**EXERCISE INSTRUCTIONS**
From the line containing "Some of the words" to the end of the entries, return every line exactly, both ends included, and add nothing.

**TASK MATERIAL**
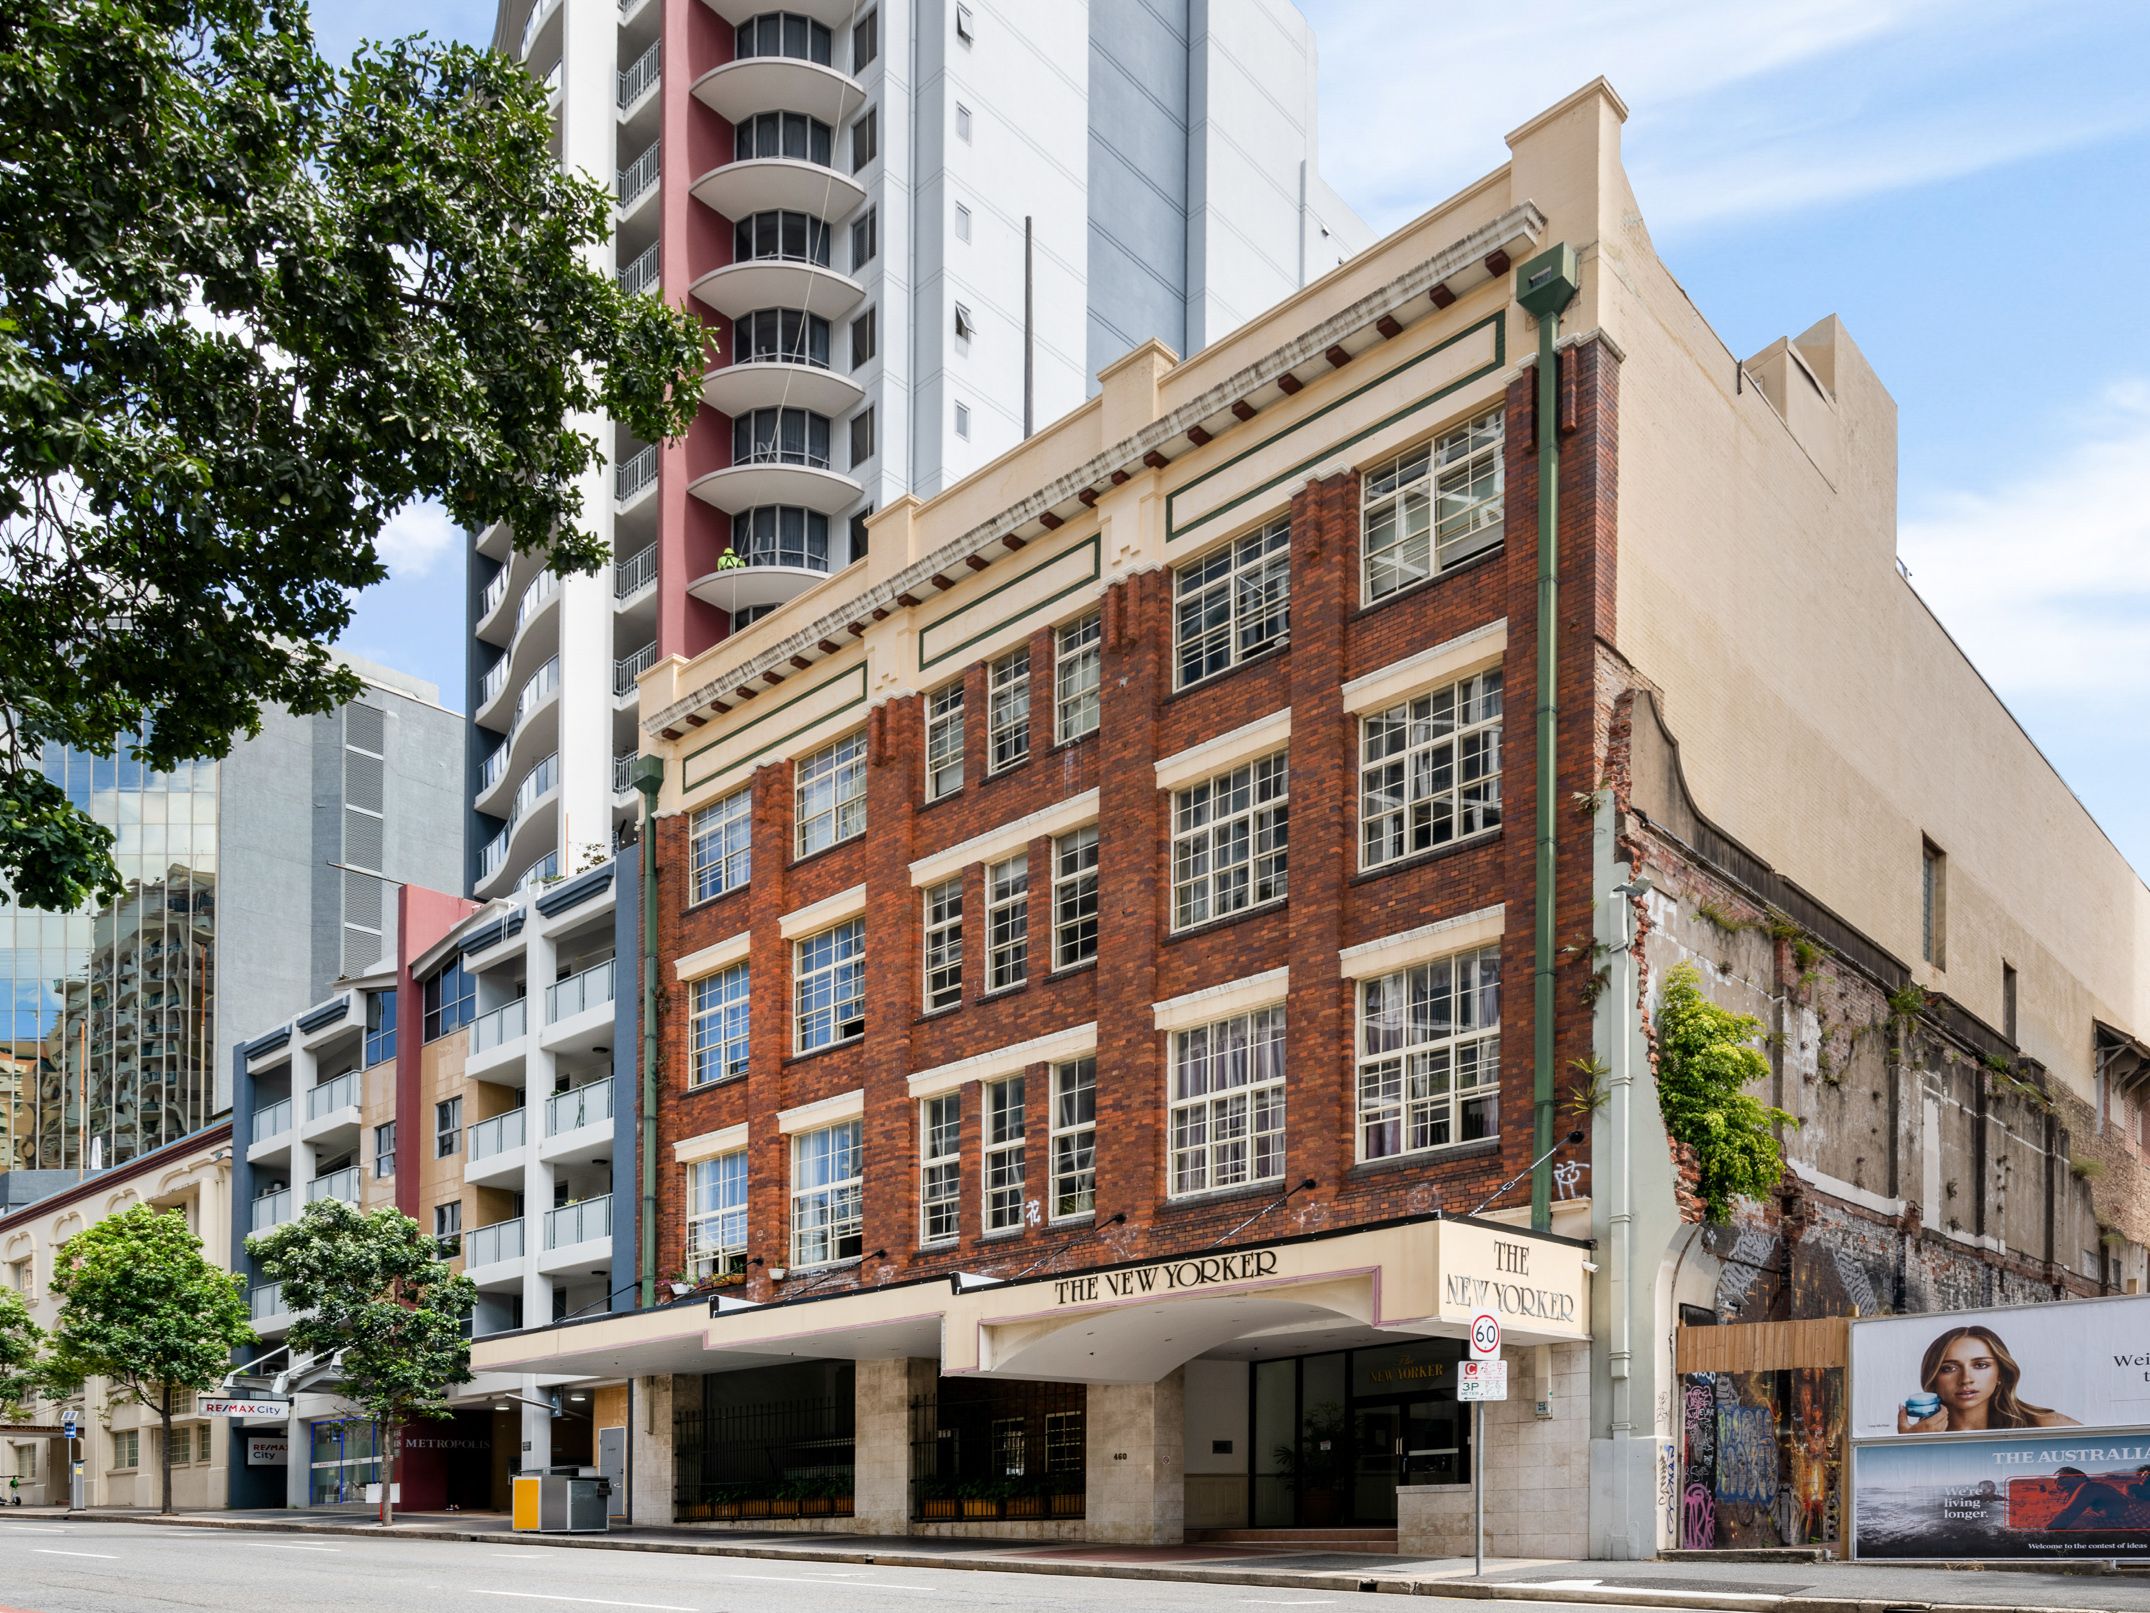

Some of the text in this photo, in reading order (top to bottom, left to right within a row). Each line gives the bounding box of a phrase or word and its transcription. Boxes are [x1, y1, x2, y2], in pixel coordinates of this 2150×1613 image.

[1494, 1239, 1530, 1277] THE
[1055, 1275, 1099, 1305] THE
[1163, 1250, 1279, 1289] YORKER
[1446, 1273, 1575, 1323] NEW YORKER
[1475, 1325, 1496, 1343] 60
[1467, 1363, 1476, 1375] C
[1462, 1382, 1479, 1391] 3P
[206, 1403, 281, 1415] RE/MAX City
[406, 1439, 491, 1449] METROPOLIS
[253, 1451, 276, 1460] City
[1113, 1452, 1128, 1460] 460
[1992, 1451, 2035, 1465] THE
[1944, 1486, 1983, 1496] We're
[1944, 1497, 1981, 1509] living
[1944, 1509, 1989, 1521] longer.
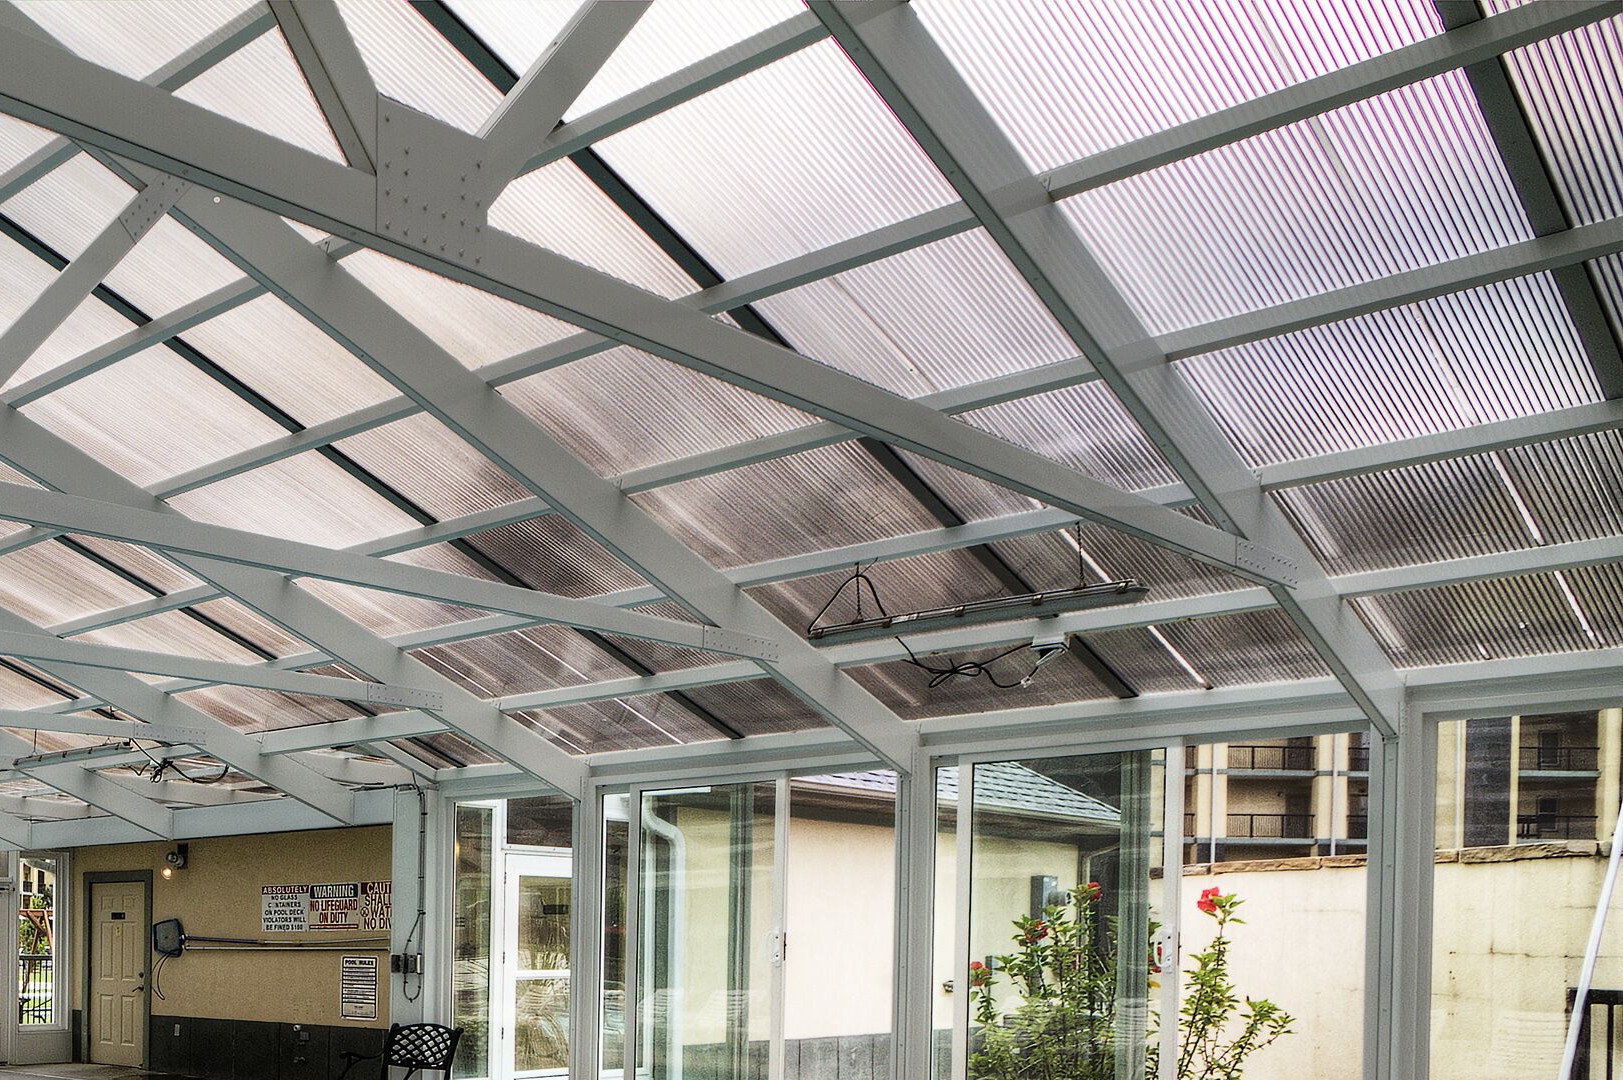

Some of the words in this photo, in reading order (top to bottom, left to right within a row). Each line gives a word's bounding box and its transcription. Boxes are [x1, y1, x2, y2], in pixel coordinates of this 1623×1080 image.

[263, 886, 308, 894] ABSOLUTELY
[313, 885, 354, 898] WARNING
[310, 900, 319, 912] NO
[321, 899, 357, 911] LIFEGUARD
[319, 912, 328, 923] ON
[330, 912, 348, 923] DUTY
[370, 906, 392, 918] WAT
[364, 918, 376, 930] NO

**TASK ANSWER**
Some of the words in this photo, in reading order (top to bottom, left to right within a row). Each line gives a word's bounding box and its transcription. Boxes are [x1, y1, x2, y2], in pixel coordinates of this 1623×1080 image.

[263, 886, 308, 894] ABSOLUTELY
[313, 885, 354, 898] WARNING
[310, 900, 319, 912] NO
[321, 899, 357, 911] LIFEGUARD
[319, 912, 328, 923] ON
[330, 912, 348, 923] DUTY
[370, 906, 392, 918] WAT
[364, 918, 376, 930] NO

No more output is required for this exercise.